Ecology: Group says a lack of controls compromises the state's ability to track the contamination of underground supplies.


A seriously flawed monitoring system compromises California's ability to track contamination in ground water, an environmental group contends.

The study, released Thursday by the Natural Resources Defense Council, calls on the state to pay more attention to ground water problems, pinpoint pollution sources, provide money for monitoring and ensure that monitoring programs are enforced.

"Ground water contamination in California is widespread, and serious," said David Beckman, senior attorney at the council. "We're fouling our own nest."

One illustration of the problem offered by the national environmental group: The state Water Resources Control Board produced a misleading collection of ground water data, prompting the board to retract part of a two-year report required under the federal Clean Water Act, the group says. State officials confirmed the error Thursday, blaming it on a computer glitch and oversight problems.

Although pesticides, nitrates, metals and and other pollutants taint much of the state's ground water, monitoring is done through a balkanized, uncoordinated system involving six state and federal agencies, the study concluded. One result is that some pollution is counted twice and some not at all.

The lack of a coordinated system means that much pollution goes undetected, spreading underground slowly and invisibly, year after year.

Half of the state's residents depend on ground water for part or all of their drinking water. About 1.3 million Californians use domestic water wells, according to 1990 census data.

Some water experts agree that the state monitoring system should be improved.

"Those of us in the technical end of it have recognized that there are shortcomings in ground water monitoring for years," said Carl Hauge, chief hydrologist at the state Department of Water Resources.

But although people might be alarmed when a derailed tanker car dumps toxins into a river, Hauge said, they generally are much less aware of the potentially more serious threat of toxins seeping into an underground drinking water supply.

One reason people "don't respond to this is that it's an invisible issue that doesn't show up for years.
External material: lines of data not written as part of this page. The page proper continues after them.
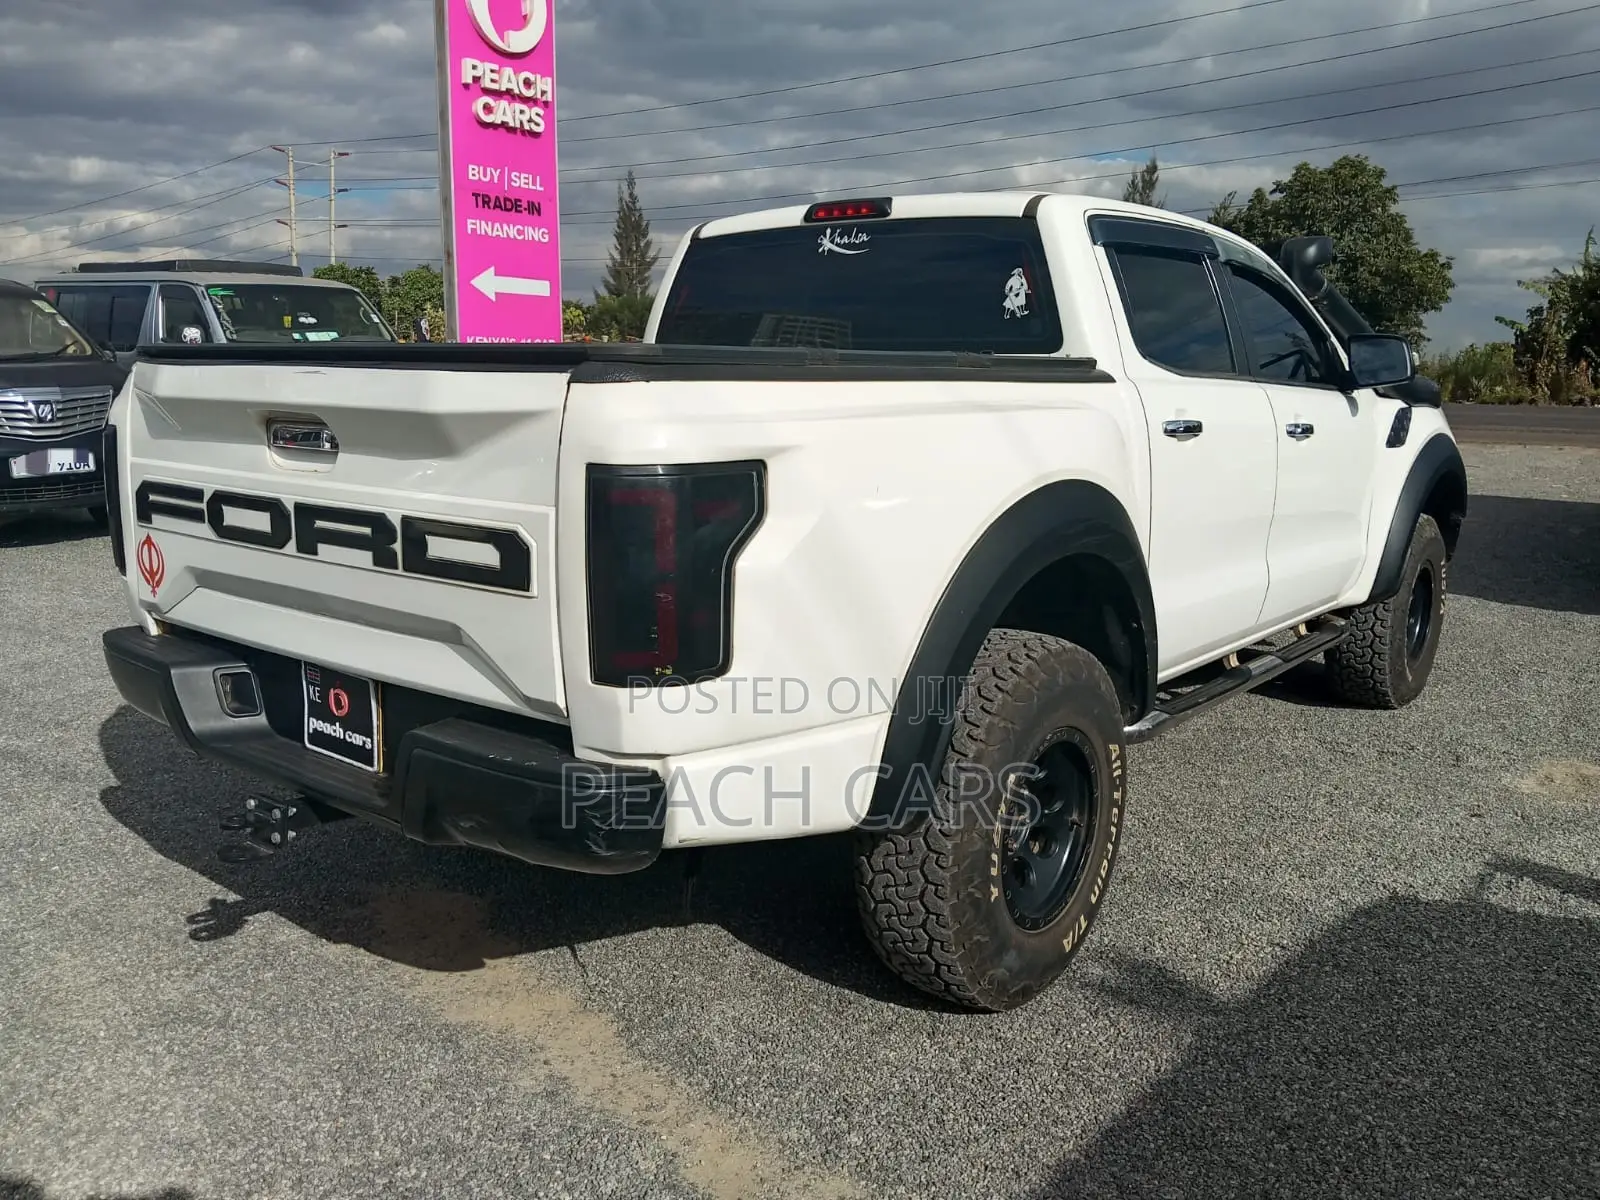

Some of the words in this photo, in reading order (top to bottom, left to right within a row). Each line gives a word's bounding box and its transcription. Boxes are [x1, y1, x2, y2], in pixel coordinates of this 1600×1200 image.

[461, 57, 553, 102] PEACH
[472, 95, 546, 134] CARS
[468, 164, 501, 184] BUY
[511, 172, 544, 191] SELL
[472, 192, 541, 217] TRADE-IN
[467, 218, 549, 243] FINANCING
[135, 479, 533, 594] FORD
[309, 684, 321, 703] KE
[309, 717, 344, 740] peach
[345, 731, 372, 750] cars
They don't see it immediately," Hauge said.

"We do want a better assessment of the condition of the state's water quality," said Janet Hashimoto, chief of monitoring and assessment in the water division at the U.S. Environmental Protection Agency regional office in San Francisco.

One snafu highlighted by the council study is that the state water board provided the EPA with erroneous ground water data for a federally mandated report to Congress that must be prepared every two years.
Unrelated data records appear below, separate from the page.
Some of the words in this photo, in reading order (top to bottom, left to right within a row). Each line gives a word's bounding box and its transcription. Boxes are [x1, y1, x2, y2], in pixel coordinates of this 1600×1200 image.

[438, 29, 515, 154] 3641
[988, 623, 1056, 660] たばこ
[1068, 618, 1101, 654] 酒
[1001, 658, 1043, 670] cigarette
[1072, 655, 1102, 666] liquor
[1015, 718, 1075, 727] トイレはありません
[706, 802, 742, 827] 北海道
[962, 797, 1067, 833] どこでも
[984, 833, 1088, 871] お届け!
A computer problem at the board meant that the number of polluted ground water basins was seriously inflated. The database used in the report, moreover, had not been updated since 1992, meaning that it did not include such problems as the discovery of the gasoline additive MTBE in ground water in Santa Monica and other areas in the state.

"There was an error, and it's embarrassing. But when we found out the information was in error, we retracted that information," said James Giannopoulos, assistant division chief for clean water programs at the state water board.
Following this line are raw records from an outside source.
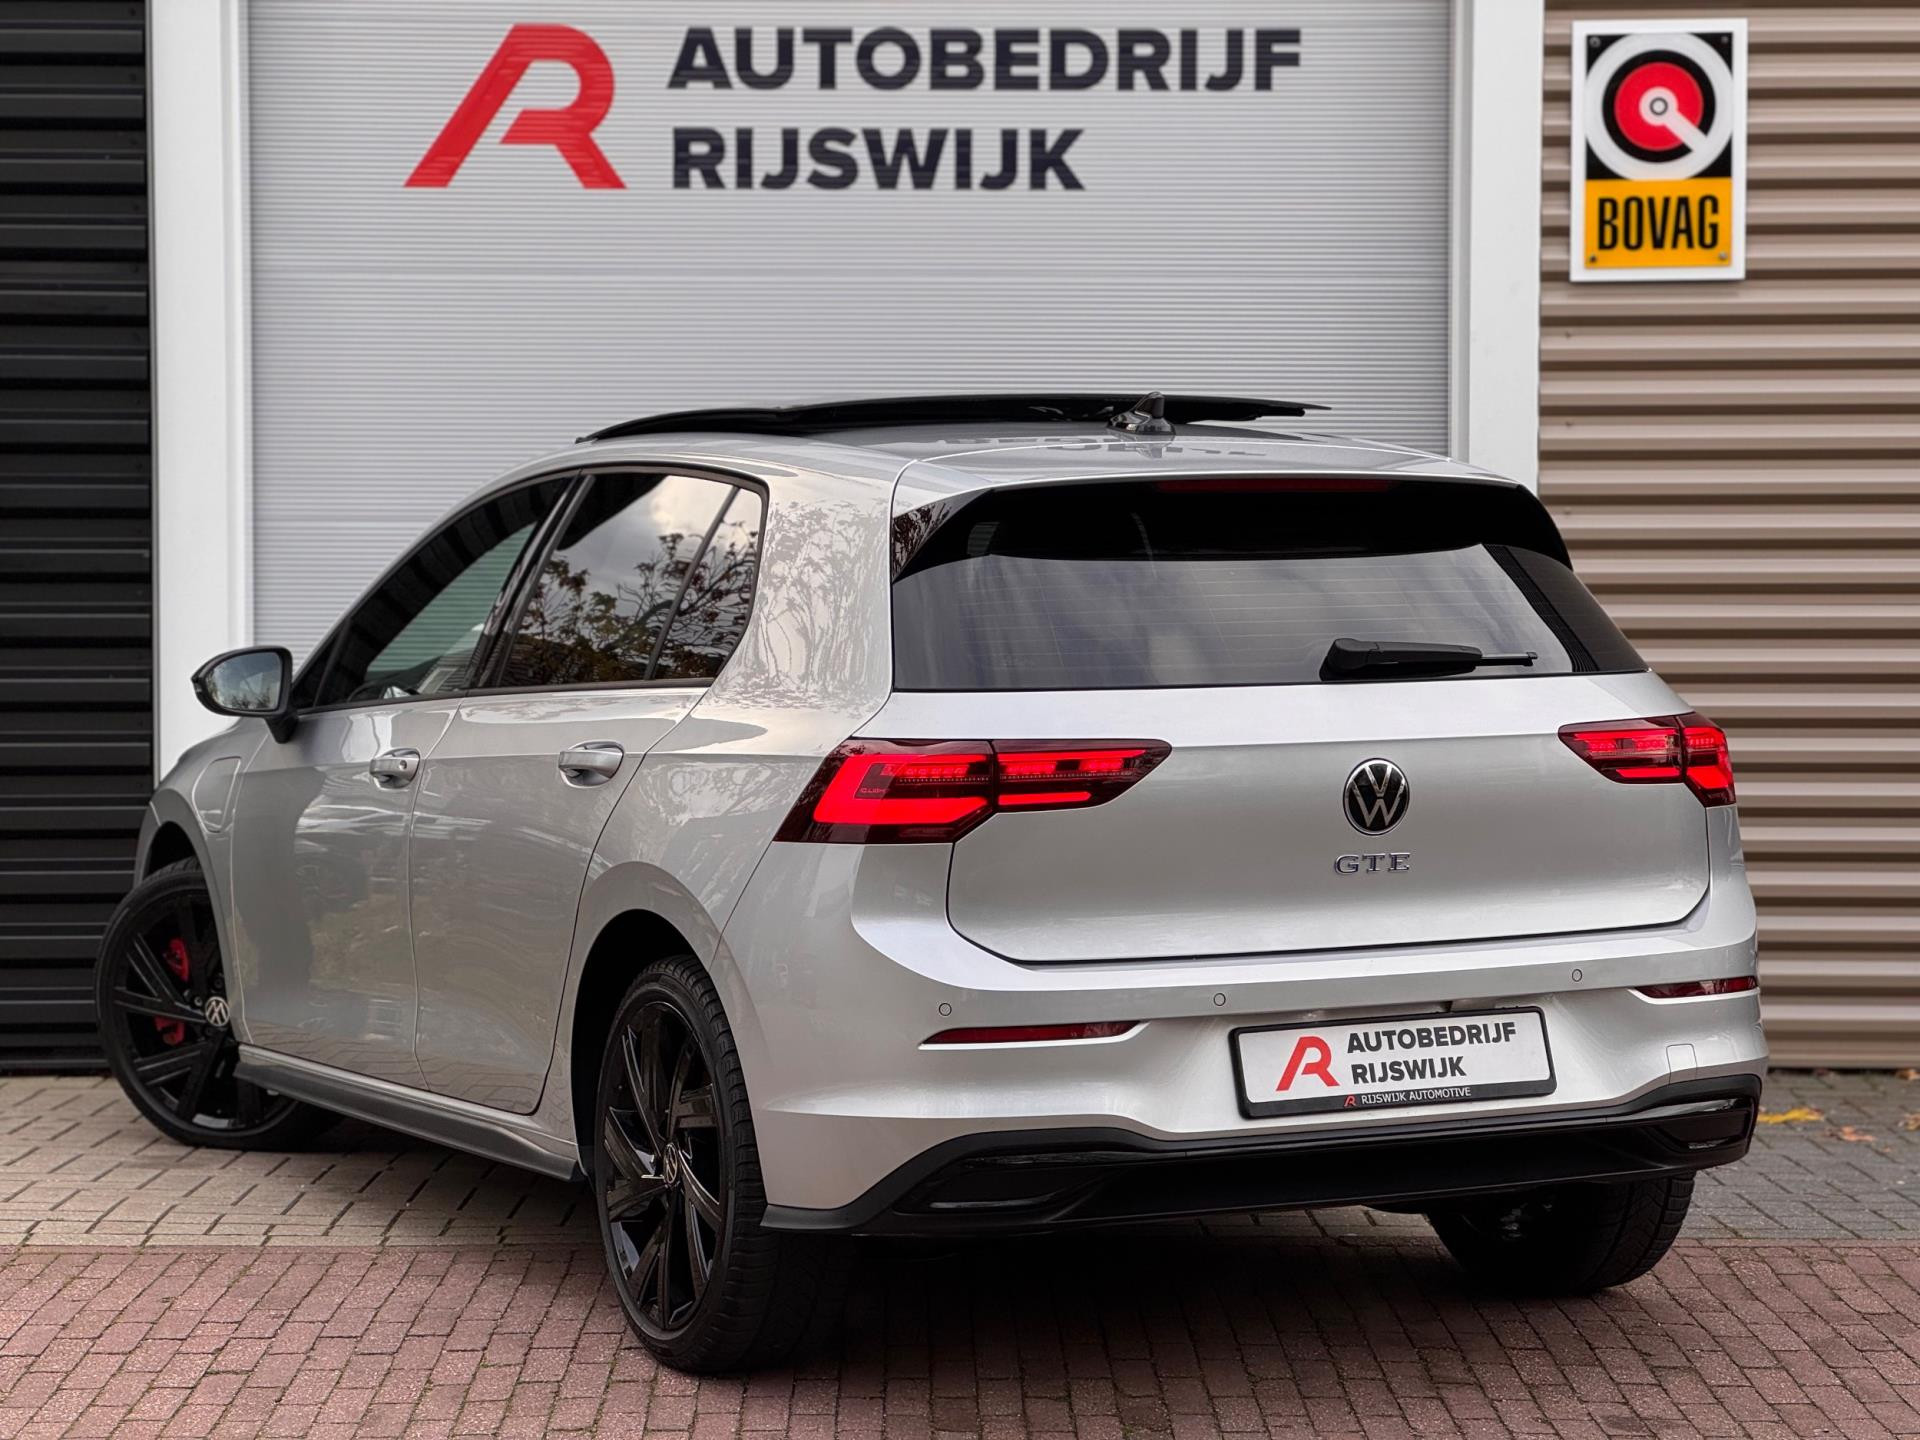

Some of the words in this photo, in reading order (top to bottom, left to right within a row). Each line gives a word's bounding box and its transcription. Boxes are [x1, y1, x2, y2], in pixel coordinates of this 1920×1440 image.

[667, 27, 1300, 92] AUTOBEDRIJF
[672, 127, 1086, 191] RIJSWIJK
[1597, 194, 1720, 250] BOVAG
[1334, 852, 1411, 874] GTE
[1347, 1022, 1516, 1053] AUTOBEDRIJF
[1351, 1057, 1466, 1084] RIJSWIJK
[1361, 1091, 1407, 1105] RIJSWIJK
[1409, 1086, 1472, 1101] AUTOMOTIVE
Beckman's group is sponsoring legislation that supporters say would help coordinate ground water monitoring statewide. Introduced by Assemblywoman Carol Liu (D-La Canada Flintridge), the bill would create a task force so that water officials from a variety of agencies could mesh their activities and produce a statewide program.

"Right now, it's a patchwork of jurisdictions and coverage. The data are collected inconsistently. and it's not publicly accessible," said Suzanne Reed, Liu's chief of staff. The bill was approved by the Assembly Environment and Toxics Materials Committee on Wednesday, and it is due next for review by the Appropriations Committee.